Thompson-Price said “there was a gap” before the program existed and people weren’t accessing the justice they needed.

“Before this happened, they didn’t know who they could turn to and there was a lack of trust coming from certain countries, you might not trust the authorities, you might not trust lawyers,” she said, adding that the newcomers centre helps introduce clients and lawyers and provides translation services, helping newcomers “feel much more at ease.”

Bagha said it’s “all about providing services with a cultural lens and cultural humility,” including adding infrastructure as the province’s demographics change. 

“We are building the bridge, developing the bridge, creating access for newcomers but also creating access for the legal system to work with newcomers as well,” Bagha said.

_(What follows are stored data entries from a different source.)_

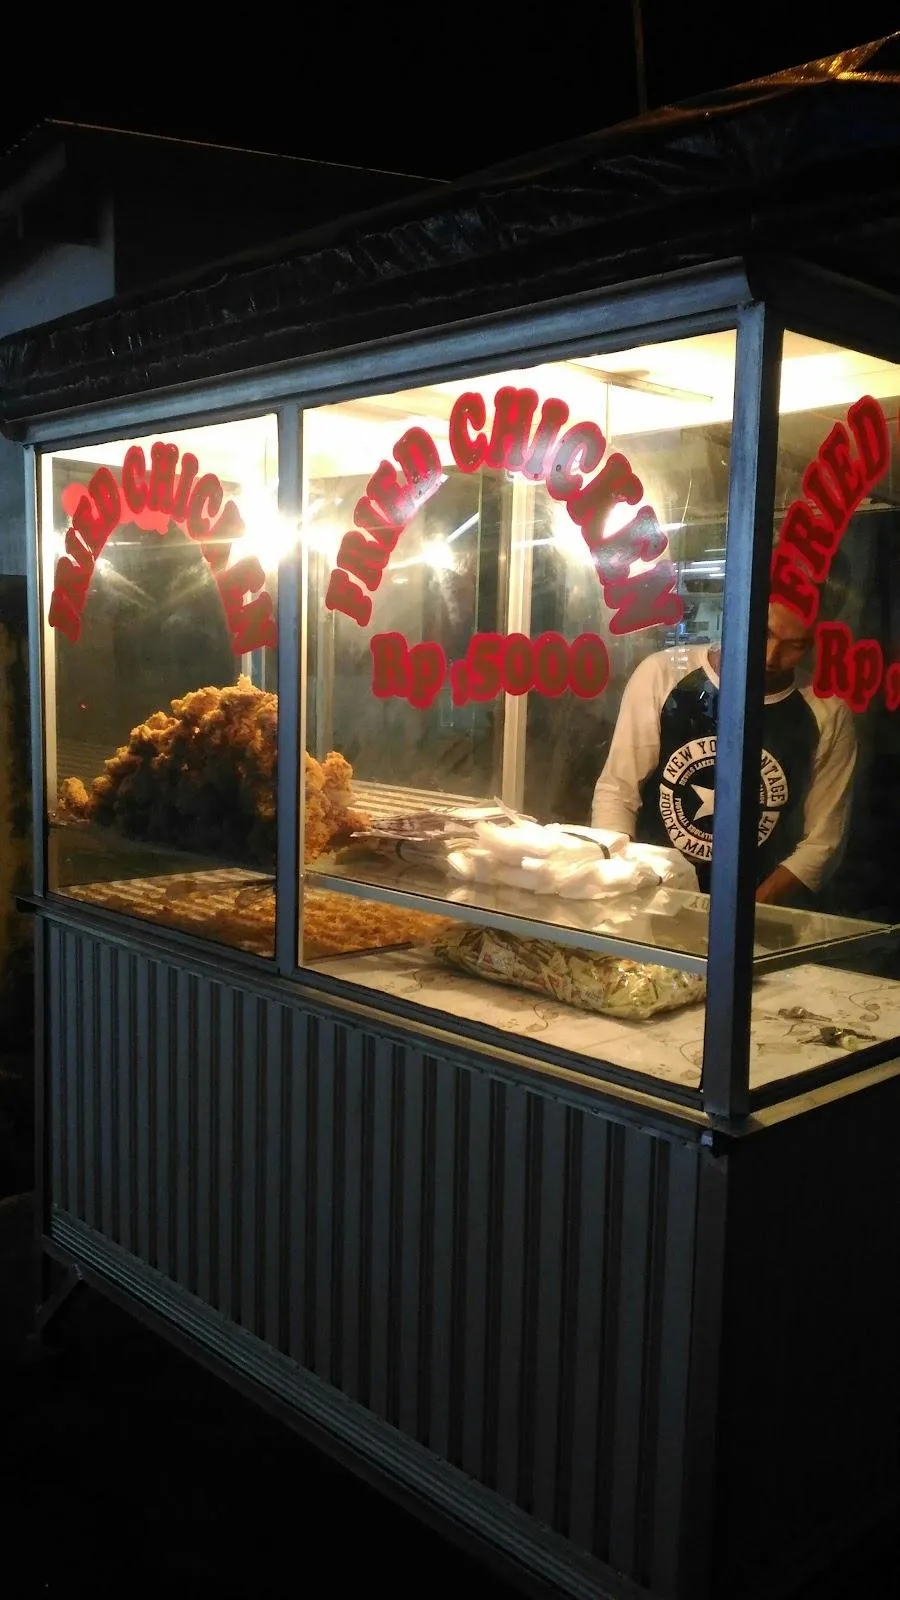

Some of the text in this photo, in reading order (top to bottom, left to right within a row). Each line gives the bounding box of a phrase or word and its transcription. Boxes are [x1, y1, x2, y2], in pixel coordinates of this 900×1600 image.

[48, 441, 278, 656] FRIED CHICKEN
[325, 385, 684, 636] FRIED CHICKEN
[768, 394, 891, 627] FRIED
[666, 745, 693, 778] NEW
[698, 739, 717, 755] YO
[760, 754, 785, 803] NTAGE

Saint John-Rothesay MP Wayne Long said in a speech that the work the Newcomers Centre does is “transformational” and that the city is changing into a “vibrant city” that accepts newcomers.

“We know there’s lots of needs for newcomers in our community and certainly legal aid is one of them,” Long said.

“Professionally, this is one of the proudest things I’ve ever done, to be part of it, to see that people can access the justice they need,” Thompson-Price said, giving the hypothetical example of a woman facing domestic violence who may have had to continue to suffer.

“There is just such a need,” she said. “To see it be so successful already, it makes me so proud.”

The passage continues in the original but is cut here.